Content starts

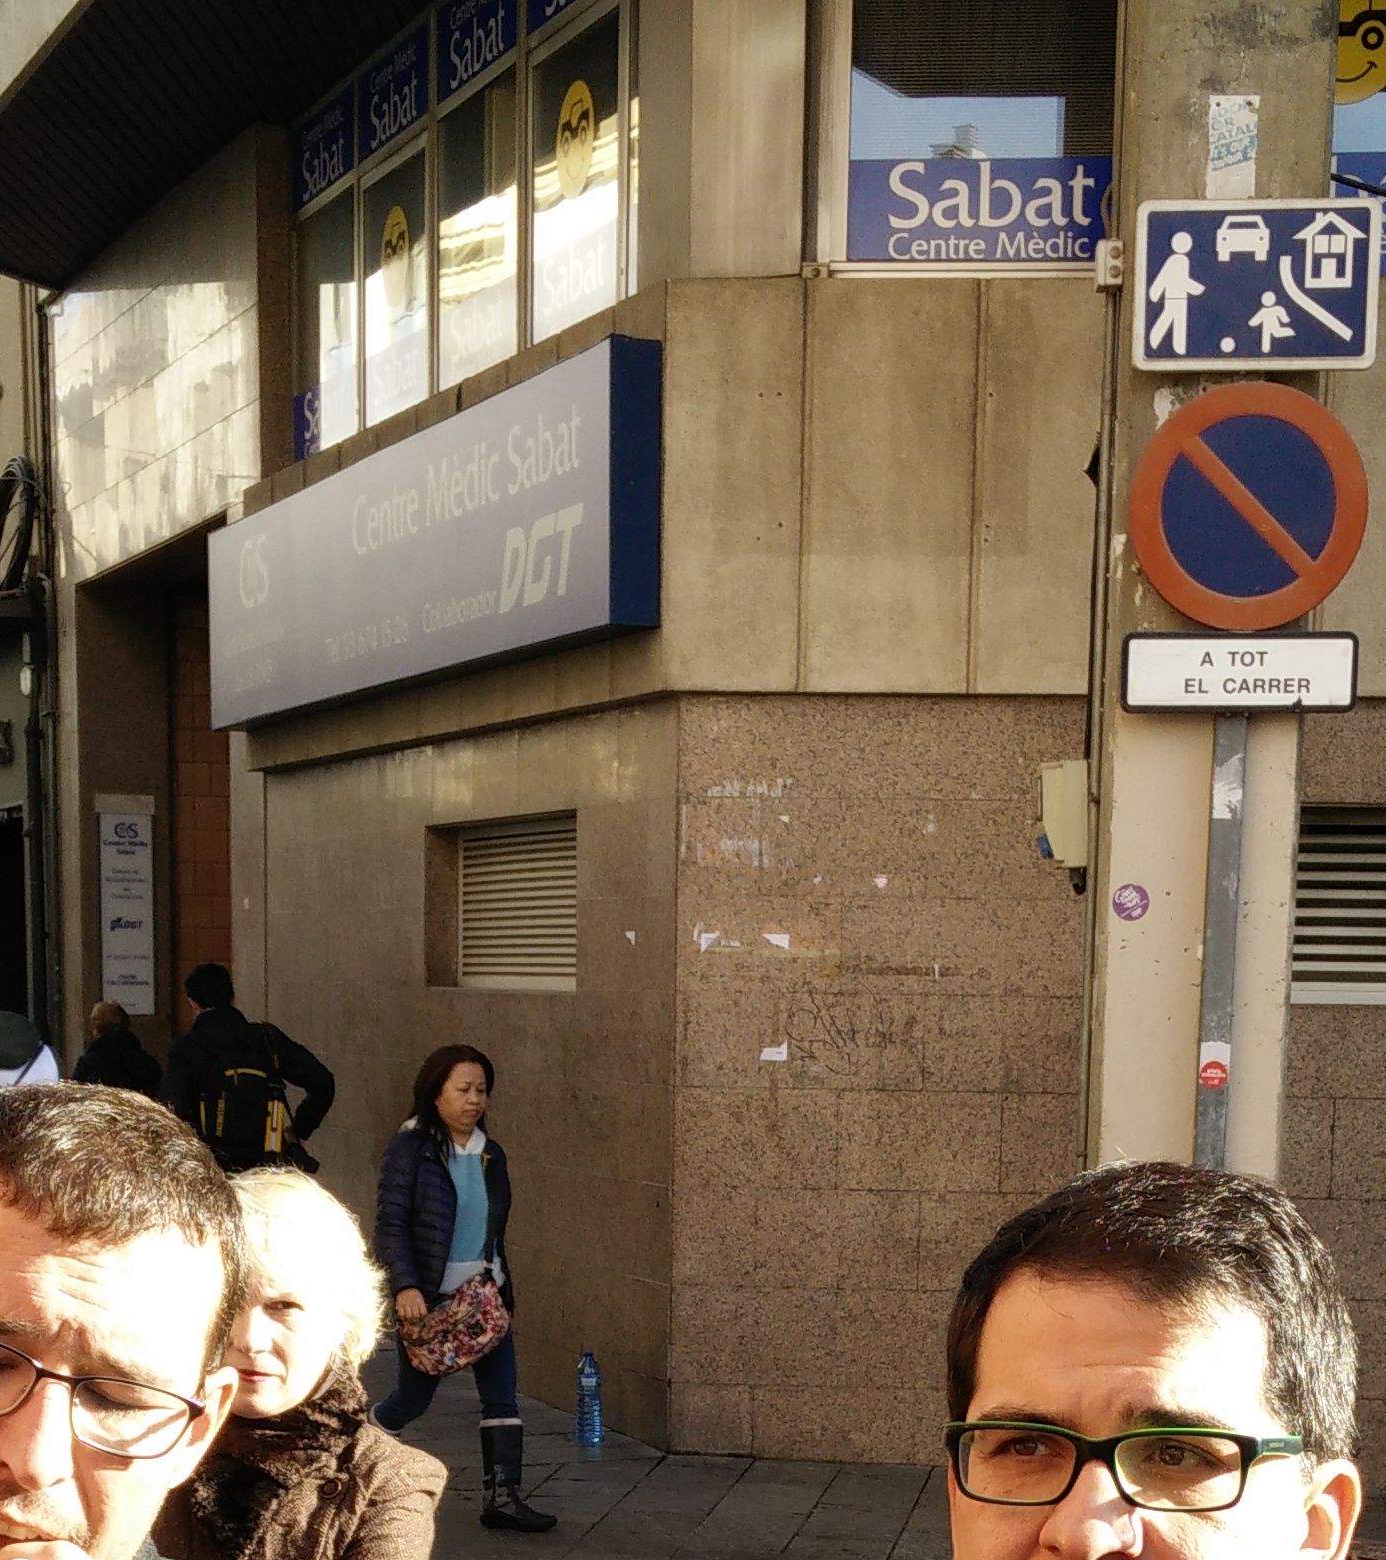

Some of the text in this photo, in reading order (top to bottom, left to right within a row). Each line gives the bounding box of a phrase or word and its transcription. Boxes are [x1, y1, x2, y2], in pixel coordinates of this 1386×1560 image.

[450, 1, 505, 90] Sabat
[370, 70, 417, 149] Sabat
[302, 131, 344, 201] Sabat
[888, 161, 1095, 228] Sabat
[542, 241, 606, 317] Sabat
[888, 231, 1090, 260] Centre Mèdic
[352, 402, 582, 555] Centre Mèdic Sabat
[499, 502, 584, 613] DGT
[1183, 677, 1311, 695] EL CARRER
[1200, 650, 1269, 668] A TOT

Content ends

Reproduce the lines above letter for letter. The pictures stay behind.

Some of the text in this photo, in reading order (top to bottom, left to right within a row). Each line gives the bounding box of a phrase or word and its transcription. Boxes are [x1, y1, x2, y2], in pixel coordinates of this 1386×1560 image.

[450, 1, 505, 90] Sabat
[370, 70, 417, 149] Sabat
[302, 131, 344, 201] Sabat
[888, 161, 1095, 228] Sabat
[542, 241, 606, 317] Sabat
[888, 231, 1090, 260] Centre Mèdic
[352, 402, 582, 555] Centre Mèdic Sabat
[499, 502, 584, 613] DGT
[1183, 677, 1311, 695] EL CARRER
[1200, 650, 1269, 668] A TOT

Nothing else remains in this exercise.